((

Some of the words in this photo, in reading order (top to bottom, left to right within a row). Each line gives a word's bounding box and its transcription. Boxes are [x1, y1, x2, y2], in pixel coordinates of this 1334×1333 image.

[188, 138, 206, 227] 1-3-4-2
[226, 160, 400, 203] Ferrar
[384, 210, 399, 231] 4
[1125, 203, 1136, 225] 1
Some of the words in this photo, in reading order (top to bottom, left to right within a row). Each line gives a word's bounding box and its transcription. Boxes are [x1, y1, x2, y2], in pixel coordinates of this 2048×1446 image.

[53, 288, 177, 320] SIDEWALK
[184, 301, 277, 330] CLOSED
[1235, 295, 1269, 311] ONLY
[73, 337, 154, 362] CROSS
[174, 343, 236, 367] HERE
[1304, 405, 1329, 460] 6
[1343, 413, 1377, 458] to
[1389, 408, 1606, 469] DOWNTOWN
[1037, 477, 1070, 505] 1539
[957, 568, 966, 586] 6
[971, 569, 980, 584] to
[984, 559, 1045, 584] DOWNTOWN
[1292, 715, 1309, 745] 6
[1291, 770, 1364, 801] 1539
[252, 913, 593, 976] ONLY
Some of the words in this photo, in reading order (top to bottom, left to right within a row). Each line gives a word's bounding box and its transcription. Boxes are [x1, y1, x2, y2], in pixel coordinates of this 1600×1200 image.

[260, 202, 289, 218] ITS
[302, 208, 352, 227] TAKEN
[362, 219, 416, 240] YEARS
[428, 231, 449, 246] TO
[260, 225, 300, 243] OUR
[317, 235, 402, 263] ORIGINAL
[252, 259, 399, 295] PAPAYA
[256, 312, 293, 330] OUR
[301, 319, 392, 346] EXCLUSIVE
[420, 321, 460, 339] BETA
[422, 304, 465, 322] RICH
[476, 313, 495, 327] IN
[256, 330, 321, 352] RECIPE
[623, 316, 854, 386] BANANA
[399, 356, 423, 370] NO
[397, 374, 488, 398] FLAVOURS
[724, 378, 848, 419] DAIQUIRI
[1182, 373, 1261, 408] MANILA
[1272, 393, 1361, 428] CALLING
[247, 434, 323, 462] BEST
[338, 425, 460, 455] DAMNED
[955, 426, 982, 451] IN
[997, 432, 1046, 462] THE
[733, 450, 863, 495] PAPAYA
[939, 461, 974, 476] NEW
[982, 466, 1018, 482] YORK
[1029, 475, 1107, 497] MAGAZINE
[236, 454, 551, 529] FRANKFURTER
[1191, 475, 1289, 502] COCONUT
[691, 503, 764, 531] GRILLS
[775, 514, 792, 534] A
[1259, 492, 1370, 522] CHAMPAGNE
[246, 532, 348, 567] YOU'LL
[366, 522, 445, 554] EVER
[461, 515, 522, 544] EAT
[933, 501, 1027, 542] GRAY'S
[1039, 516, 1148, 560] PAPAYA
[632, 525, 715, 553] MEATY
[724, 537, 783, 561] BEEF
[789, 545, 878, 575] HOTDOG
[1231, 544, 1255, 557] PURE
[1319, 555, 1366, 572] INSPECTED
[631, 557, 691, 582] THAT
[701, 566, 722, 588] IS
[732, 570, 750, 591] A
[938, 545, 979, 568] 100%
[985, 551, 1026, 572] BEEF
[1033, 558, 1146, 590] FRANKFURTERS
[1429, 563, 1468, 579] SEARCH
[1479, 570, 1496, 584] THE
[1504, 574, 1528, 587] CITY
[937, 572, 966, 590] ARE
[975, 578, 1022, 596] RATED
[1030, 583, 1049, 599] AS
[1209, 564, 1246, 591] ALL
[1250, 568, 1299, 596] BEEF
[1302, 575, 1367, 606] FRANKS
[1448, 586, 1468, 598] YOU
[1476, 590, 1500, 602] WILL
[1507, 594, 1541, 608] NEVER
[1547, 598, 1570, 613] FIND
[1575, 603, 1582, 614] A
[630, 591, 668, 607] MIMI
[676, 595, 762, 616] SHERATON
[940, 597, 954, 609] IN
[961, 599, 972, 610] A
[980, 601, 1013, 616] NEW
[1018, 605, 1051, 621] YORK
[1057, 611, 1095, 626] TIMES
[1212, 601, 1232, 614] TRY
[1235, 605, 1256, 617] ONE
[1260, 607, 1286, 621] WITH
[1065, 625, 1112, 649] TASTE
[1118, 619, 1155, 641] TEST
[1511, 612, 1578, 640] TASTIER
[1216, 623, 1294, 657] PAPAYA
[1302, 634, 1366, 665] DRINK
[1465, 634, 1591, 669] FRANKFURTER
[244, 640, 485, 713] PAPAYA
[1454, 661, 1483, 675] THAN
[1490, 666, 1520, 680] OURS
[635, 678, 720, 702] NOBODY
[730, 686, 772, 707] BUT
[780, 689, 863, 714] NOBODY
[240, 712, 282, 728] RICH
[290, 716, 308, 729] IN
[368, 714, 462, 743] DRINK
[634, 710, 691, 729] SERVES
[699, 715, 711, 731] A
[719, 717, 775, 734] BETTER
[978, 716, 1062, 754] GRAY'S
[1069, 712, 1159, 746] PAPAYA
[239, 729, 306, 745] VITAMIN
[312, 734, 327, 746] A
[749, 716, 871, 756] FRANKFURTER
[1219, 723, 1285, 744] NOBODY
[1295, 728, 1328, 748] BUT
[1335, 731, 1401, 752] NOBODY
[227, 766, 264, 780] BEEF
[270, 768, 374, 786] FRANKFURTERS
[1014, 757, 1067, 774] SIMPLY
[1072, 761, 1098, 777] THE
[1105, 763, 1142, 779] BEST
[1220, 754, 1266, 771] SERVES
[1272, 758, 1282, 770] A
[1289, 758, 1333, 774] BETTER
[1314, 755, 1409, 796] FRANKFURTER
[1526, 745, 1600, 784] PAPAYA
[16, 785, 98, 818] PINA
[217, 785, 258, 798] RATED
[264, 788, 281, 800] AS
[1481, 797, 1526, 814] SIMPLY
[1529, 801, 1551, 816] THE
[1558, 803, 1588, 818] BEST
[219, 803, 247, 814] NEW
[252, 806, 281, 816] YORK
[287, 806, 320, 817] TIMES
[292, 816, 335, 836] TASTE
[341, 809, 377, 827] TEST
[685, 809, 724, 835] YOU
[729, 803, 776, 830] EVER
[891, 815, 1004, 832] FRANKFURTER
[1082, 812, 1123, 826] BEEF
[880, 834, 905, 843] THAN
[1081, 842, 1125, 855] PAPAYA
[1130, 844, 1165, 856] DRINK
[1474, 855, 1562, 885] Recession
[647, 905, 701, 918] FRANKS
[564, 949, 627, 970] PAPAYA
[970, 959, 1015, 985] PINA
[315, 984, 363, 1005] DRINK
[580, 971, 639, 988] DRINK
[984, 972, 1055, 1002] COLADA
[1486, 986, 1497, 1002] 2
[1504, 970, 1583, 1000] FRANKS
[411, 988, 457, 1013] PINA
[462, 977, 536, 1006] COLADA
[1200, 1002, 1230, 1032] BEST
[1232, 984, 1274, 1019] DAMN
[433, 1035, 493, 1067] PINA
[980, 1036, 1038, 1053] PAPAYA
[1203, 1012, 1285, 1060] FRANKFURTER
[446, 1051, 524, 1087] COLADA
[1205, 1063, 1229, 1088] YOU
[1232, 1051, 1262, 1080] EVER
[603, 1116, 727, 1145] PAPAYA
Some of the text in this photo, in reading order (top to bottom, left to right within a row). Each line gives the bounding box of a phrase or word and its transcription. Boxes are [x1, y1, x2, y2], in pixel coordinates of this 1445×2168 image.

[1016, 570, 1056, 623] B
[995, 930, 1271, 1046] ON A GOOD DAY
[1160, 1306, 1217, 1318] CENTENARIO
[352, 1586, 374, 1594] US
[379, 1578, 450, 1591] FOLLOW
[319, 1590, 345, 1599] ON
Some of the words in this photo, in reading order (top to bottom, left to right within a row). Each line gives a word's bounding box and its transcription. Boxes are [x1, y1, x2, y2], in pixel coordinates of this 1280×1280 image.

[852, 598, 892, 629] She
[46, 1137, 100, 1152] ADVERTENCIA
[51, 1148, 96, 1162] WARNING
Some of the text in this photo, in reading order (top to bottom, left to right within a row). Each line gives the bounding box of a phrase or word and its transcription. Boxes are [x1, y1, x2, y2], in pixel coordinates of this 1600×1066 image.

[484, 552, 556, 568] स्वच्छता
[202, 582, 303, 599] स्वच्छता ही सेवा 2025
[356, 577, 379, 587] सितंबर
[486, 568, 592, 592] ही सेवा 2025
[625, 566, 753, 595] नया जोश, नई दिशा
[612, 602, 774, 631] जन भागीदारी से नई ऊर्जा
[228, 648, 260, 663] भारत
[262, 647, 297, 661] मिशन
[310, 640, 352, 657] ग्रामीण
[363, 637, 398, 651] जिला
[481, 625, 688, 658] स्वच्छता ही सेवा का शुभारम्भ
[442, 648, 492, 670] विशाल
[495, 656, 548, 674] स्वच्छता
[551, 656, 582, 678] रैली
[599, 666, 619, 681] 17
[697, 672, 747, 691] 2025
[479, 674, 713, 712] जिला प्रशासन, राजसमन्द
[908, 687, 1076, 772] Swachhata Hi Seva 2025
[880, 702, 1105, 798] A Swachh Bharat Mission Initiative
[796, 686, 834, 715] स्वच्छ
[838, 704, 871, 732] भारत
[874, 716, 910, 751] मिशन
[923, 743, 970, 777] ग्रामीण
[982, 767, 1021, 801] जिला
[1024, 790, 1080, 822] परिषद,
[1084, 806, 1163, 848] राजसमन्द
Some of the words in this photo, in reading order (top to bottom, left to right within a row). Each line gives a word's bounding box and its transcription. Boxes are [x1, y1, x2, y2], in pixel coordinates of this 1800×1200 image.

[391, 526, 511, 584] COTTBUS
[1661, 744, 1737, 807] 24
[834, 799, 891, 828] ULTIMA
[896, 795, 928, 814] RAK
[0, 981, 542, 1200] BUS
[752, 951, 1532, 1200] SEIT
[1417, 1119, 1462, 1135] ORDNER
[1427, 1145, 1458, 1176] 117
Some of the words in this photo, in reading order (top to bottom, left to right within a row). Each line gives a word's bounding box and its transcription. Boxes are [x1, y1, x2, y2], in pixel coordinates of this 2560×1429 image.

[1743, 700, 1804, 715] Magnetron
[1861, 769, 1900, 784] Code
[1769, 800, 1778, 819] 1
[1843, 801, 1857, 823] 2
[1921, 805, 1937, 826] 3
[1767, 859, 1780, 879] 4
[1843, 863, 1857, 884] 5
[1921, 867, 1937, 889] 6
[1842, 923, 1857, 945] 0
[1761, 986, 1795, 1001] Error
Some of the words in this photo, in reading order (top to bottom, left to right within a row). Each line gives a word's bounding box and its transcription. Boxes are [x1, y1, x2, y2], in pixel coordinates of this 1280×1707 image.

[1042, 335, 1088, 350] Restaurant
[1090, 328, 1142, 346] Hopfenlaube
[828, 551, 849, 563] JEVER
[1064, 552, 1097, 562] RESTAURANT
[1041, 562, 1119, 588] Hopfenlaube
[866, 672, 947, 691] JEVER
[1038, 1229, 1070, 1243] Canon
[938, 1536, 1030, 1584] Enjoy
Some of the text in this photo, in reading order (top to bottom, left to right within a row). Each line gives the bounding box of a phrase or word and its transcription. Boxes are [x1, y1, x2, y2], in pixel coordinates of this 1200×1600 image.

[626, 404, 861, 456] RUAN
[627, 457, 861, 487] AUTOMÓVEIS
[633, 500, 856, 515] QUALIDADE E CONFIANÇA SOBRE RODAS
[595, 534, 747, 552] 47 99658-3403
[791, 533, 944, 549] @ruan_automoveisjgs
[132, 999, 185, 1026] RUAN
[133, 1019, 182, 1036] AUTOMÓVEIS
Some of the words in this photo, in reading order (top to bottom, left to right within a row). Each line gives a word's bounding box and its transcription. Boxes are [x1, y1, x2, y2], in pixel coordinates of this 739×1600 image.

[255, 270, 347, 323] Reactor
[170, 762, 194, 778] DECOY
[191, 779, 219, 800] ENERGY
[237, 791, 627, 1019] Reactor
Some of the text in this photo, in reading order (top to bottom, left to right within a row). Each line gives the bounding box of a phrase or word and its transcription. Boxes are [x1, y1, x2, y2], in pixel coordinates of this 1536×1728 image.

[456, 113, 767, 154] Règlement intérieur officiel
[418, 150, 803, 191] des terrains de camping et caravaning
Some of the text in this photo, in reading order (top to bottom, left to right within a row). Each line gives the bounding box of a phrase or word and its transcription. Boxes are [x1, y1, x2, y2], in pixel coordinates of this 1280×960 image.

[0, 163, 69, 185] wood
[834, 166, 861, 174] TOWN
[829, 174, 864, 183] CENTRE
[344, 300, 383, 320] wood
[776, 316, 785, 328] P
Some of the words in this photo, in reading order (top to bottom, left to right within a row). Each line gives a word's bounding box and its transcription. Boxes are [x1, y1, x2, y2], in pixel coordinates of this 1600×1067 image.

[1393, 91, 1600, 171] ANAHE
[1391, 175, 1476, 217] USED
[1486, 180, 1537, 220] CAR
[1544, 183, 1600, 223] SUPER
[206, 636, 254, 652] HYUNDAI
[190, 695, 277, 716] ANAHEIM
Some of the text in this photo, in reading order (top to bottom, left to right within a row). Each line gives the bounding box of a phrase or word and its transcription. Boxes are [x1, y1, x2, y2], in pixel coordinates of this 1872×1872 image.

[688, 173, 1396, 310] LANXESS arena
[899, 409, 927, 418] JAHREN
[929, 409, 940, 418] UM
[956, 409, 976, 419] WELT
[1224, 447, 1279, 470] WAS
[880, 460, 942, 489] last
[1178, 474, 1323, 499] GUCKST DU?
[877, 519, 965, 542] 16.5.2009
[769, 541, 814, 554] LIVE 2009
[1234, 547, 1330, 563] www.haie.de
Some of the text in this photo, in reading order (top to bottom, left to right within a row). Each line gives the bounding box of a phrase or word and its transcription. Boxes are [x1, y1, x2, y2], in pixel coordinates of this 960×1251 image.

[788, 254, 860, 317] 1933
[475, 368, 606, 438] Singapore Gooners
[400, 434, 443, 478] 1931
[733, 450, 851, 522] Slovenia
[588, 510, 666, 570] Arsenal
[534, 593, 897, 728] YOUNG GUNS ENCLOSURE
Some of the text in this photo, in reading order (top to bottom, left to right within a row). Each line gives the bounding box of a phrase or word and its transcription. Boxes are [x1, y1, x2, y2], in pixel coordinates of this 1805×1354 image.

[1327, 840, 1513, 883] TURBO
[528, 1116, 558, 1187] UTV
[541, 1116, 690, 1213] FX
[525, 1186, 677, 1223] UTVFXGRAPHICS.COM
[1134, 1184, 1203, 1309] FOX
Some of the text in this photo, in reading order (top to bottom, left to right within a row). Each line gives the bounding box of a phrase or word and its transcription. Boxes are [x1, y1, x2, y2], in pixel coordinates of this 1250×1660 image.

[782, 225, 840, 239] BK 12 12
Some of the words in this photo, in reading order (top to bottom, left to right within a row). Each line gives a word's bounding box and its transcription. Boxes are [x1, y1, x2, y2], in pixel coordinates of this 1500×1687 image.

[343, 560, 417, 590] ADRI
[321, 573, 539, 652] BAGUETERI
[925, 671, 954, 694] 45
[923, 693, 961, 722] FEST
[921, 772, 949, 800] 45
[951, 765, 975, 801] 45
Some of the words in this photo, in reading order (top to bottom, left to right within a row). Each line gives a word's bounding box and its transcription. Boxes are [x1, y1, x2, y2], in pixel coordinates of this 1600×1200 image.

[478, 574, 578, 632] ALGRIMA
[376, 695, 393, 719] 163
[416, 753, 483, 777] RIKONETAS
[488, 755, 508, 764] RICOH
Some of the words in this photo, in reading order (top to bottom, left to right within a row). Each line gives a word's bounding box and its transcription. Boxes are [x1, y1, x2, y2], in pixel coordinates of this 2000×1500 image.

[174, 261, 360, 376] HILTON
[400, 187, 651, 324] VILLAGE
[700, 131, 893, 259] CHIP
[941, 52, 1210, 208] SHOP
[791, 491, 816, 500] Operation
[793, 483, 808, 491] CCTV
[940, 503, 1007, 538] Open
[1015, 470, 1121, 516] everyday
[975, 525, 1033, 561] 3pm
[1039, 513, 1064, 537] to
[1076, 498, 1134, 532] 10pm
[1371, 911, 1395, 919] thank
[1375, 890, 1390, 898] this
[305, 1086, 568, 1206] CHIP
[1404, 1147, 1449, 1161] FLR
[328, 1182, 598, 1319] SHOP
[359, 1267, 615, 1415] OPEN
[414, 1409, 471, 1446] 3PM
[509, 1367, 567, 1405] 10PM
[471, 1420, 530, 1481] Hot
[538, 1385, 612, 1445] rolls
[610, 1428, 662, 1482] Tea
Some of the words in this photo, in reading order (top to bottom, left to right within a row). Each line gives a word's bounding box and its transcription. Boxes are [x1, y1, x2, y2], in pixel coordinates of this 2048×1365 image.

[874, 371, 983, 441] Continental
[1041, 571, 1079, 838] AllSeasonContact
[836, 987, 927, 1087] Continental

))

▶ **The problem**:
Only those lines running from the one containing "this 2048×1365 image." through the last line of the data above are to be copied, exactly, with both ends included.

▶ **Answer below**:
Some of the words in this photo, in reading order (top to bottom, left to right within a row). Each line gives a word's bounding box and its transcription. Boxes are [x1, y1, x2, y2], in pixel coordinates of this 2048×1365 image.

[874, 371, 983, 441] Continental
[1041, 571, 1079, 838] AllSeasonContact
[836, 987, 927, 1087] Continental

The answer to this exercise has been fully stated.